Nacemos, vivimos, algunas y algunos corremos, y morimos. Esto último, aparte de ser lo que más rabia me da, es algo inmutable.

En Noruega, en 1953, nació Grete. Y nació con todo el equipamiento de serie más habitual, luego ella, con perseverancia, se encargó de ponerle los extras. Es decir, de correr, correr y correr.

El atletismo de fondo no tiene demasiados secretos, hay un buen montón de teorías sobre entrenamiento y perfeccionamiento, también sobre alimentación y suplementos, también sobre sustancias y transfusiones… pero no tiene demasiados secretos: Correr, correr y correr.

El caso de Grete Waitz tiene algunos componentes realmente interesantes que vistos con la perspectiva que da el tiempo los hace aún más llamativos. Porque en los años sesenta las mentes ilustres no tenían el atletismo de fondo entre las posibilidades femeninas, ni siquiera el padre de Grete, que veía cómo su hija  ganaba cuanto corría, las tenía todas consigo. Lo digo porque aún hoy esto es muy corriente, padres.


La pura realidad es que hasta muy entrados los ochenta del siglo pasado, las largas distancias no se relacionaban con mujeres, salvo cuando nadie miraba.

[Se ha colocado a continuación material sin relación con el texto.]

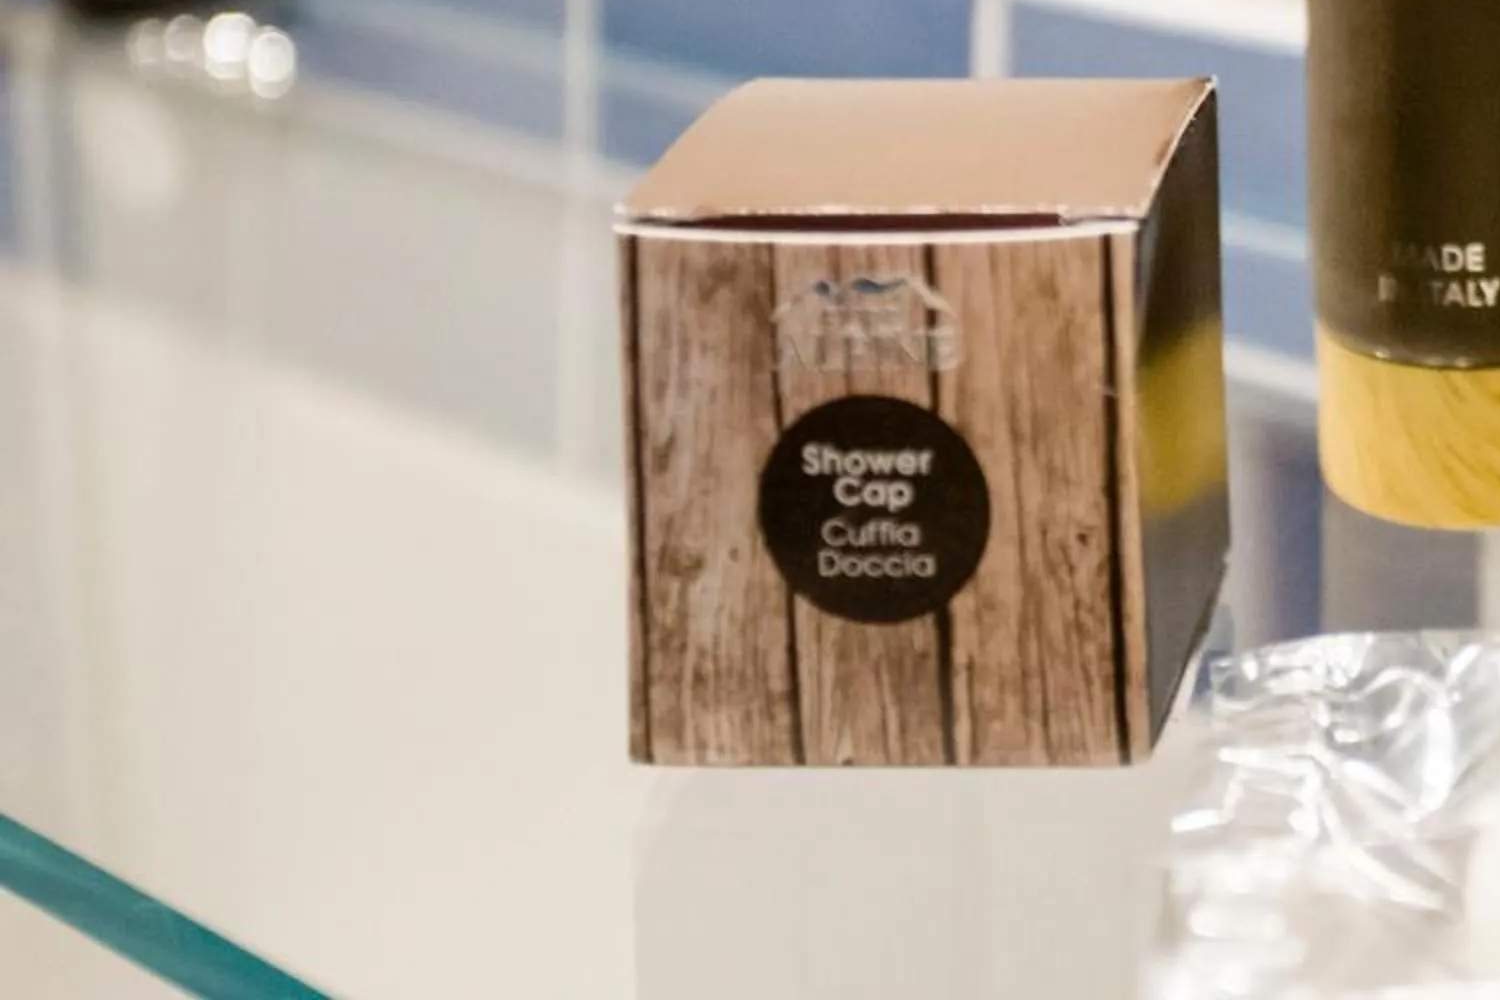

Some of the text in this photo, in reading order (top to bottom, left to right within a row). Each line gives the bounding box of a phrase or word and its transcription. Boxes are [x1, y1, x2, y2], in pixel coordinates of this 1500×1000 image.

[1392, 241, 1487, 273] ADE
[800, 441, 934, 477] Shower
[833, 477, 914, 512] Cap
[820, 516, 923, 548] Cuffia
[816, 550, 937, 578] Doccia
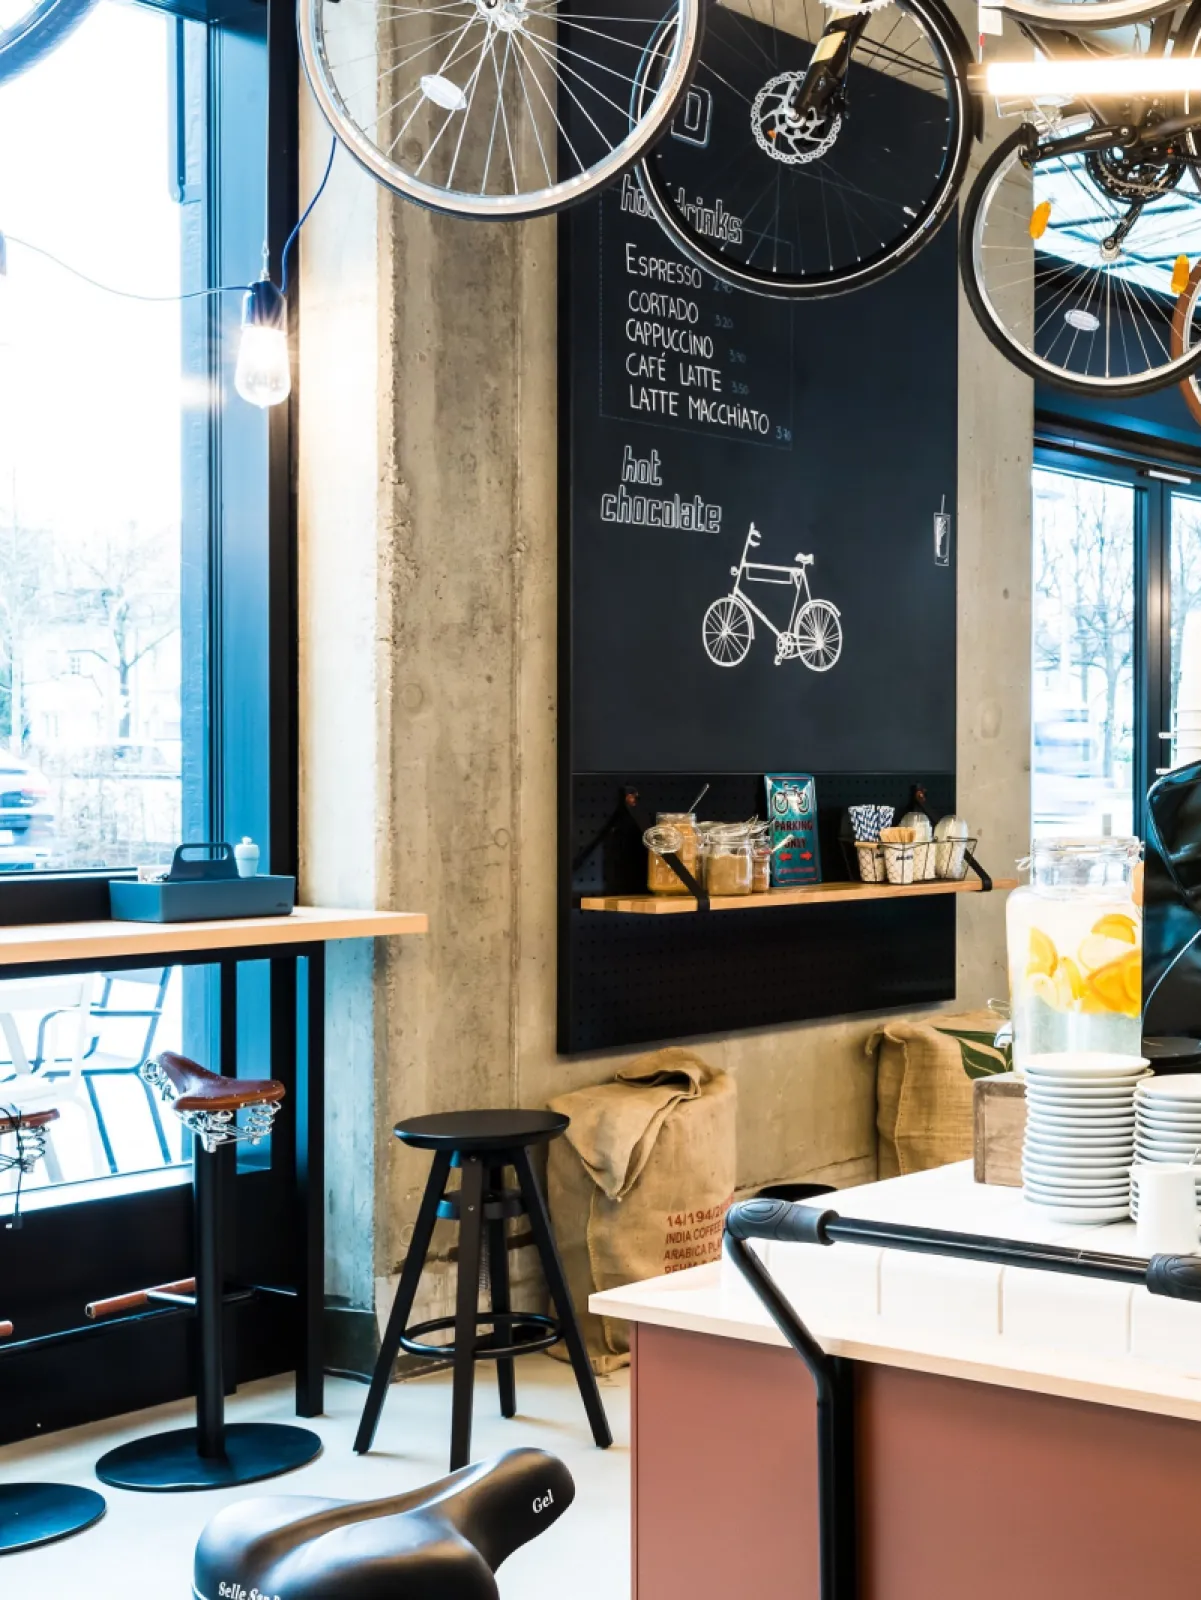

Una de las causantes de que las escamas se cayesen de los ojos de tanto “hombre de poca fe” fue Grete Waitz. 
Cuando con dieciocho años consiguió un bronce en los 1500 de los JJOO de Múnich, debió de pensar ¿ya? porque enseguida empezó a buscar distancias más largas para mejorar su rendimiento. En pocos años corría los 3000 más rápido que ninguna mujer sobre la tierra. Y con veintiún años (que igual que veinte no es nada) se pasó a la carrera más larga, una prueba que en femenino no era olímpica y aún no estaba en los mundiales de atletismo, entre otras cosas porque aún no había mundiales de atletismo.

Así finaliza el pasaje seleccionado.